[Phrase grounding data]
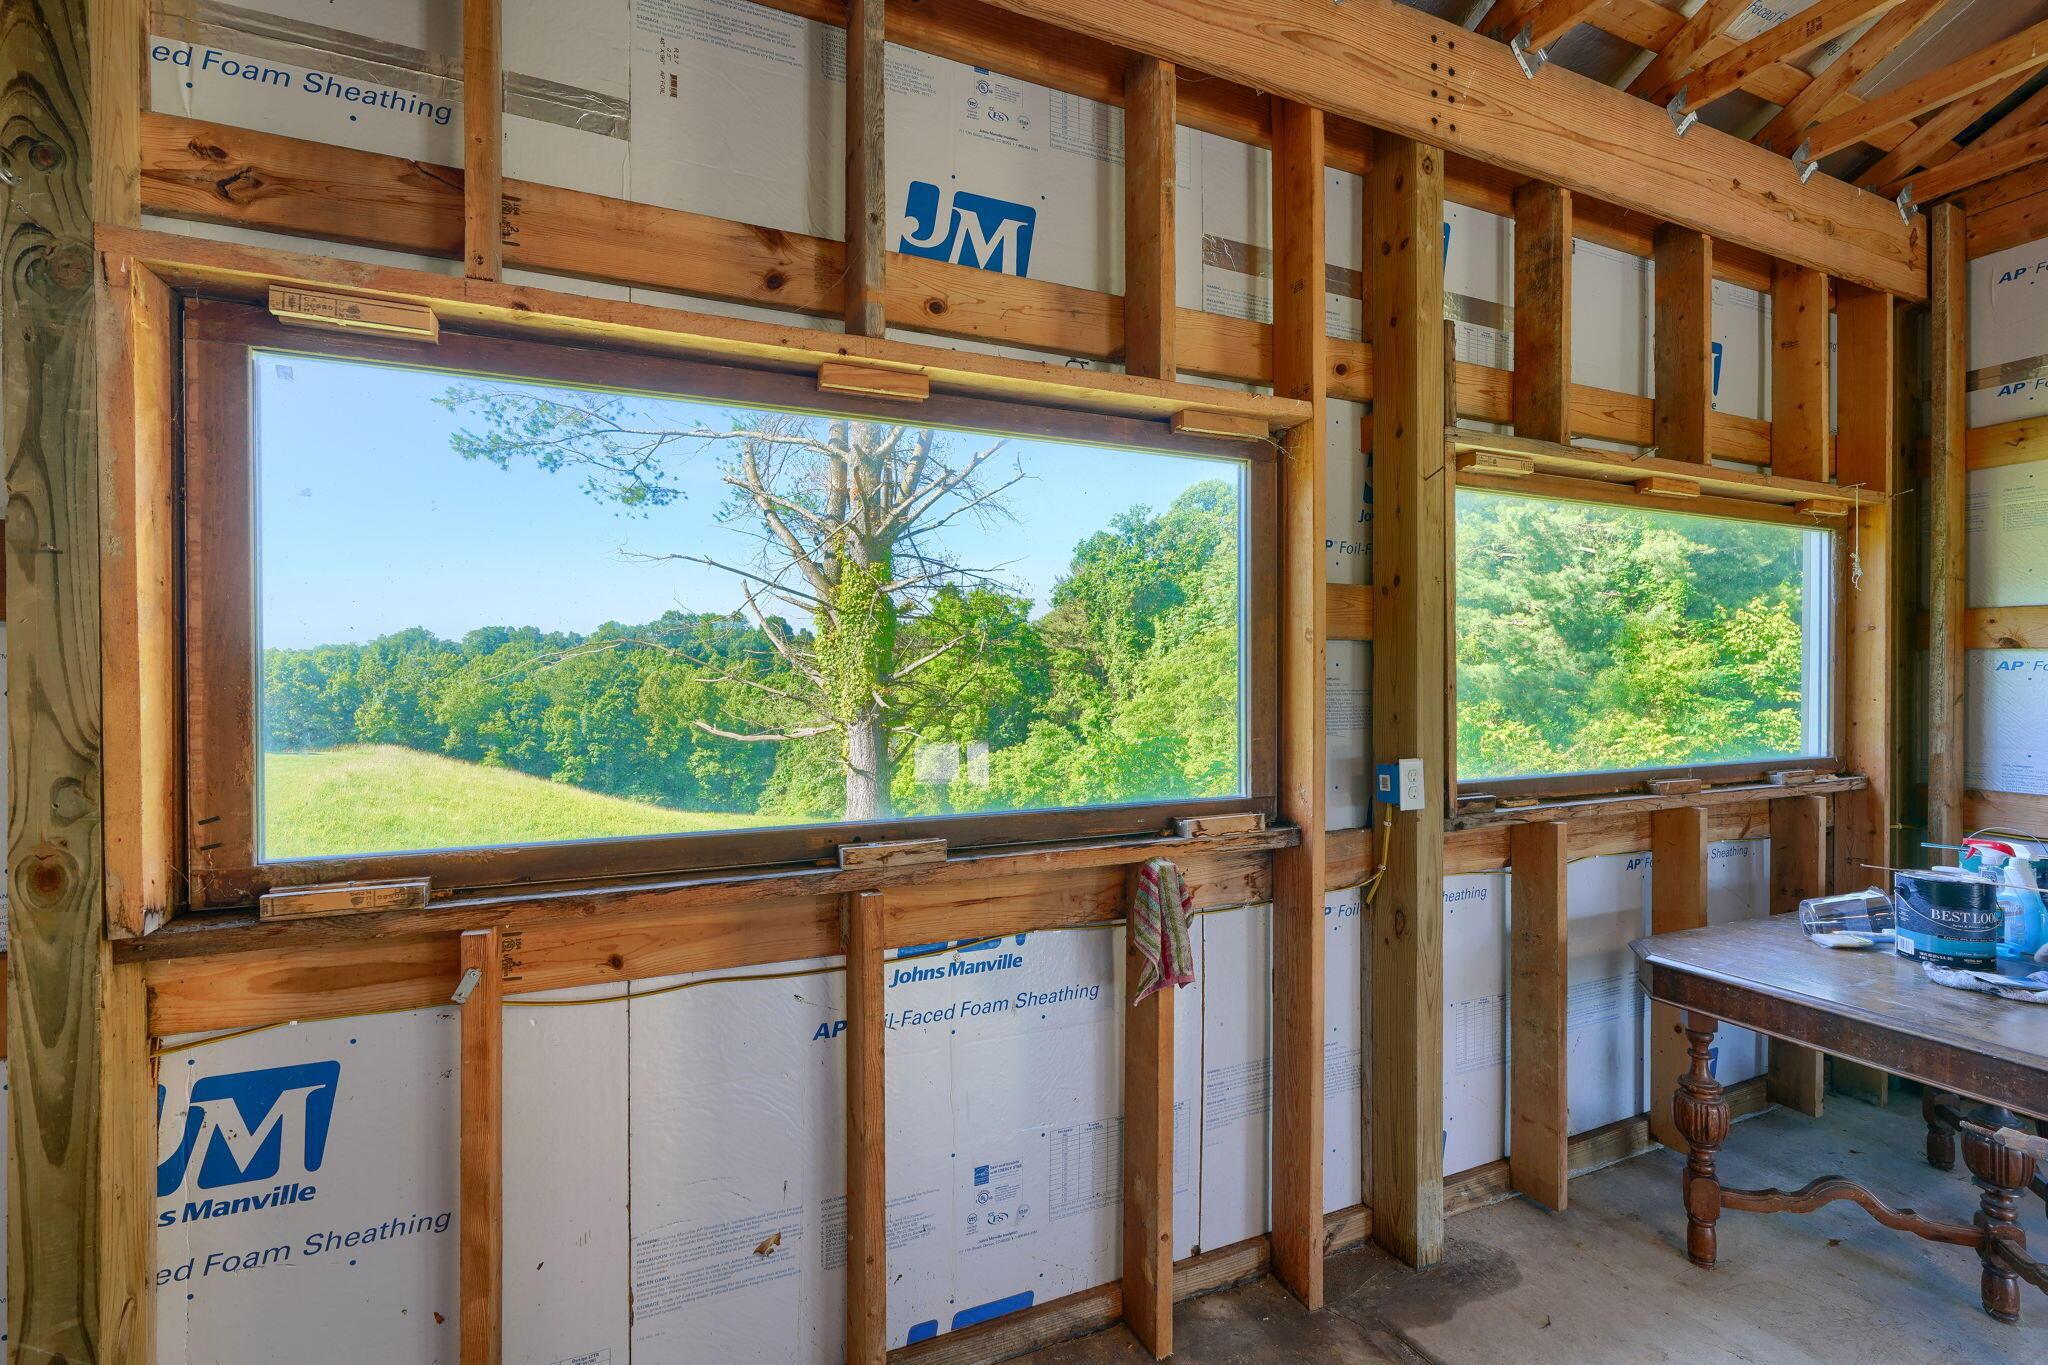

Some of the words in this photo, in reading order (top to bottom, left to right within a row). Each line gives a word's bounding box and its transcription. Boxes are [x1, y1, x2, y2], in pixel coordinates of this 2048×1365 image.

[202, 50, 290, 88] Foam
[303, 73, 452, 126] Sheathing
[900, 180, 1036, 278] JM
[1995, 660, 2024, 671] AP
[1711, 845, 1749, 860] Sheathing
[1930, 908, 1971, 925] BEST
[889, 965, 945, 988] Johns
[948, 953, 1023, 977] Manville
[960, 997, 1009, 1017] Foam
[1015, 983, 1100, 1009] Sheathing
[813, 1020, 847, 1040] AP
[181, 1183, 316, 1222] Manville
[203, 1244, 291, 1277] Foam
[303, 1211, 452, 1256] Sheathing

- **ACTIVITY**
Please output every record above exactly as written, leaving out the pictures.

- **RESPONSE**
Some of the words in this photo, in reading order (top to bottom, left to right within a row). Each line gives a word's bounding box and its transcription. Boxes are [x1, y1, x2, y2], in pixel coordinates of this 2048×1365 image.

[202, 50, 290, 88] Foam
[303, 73, 452, 126] Sheathing
[900, 180, 1036, 278] JM
[1995, 660, 2024, 671] AP
[1711, 845, 1749, 860] Sheathing
[1930, 908, 1971, 925] BEST
[889, 965, 945, 988] Johns
[948, 953, 1023, 977] Manville
[960, 997, 1009, 1017] Foam
[1015, 983, 1100, 1009] Sheathing
[813, 1020, 847, 1040] AP
[181, 1183, 316, 1222] Manville
[203, 1244, 291, 1277] Foam
[303, 1211, 452, 1256] Sheathing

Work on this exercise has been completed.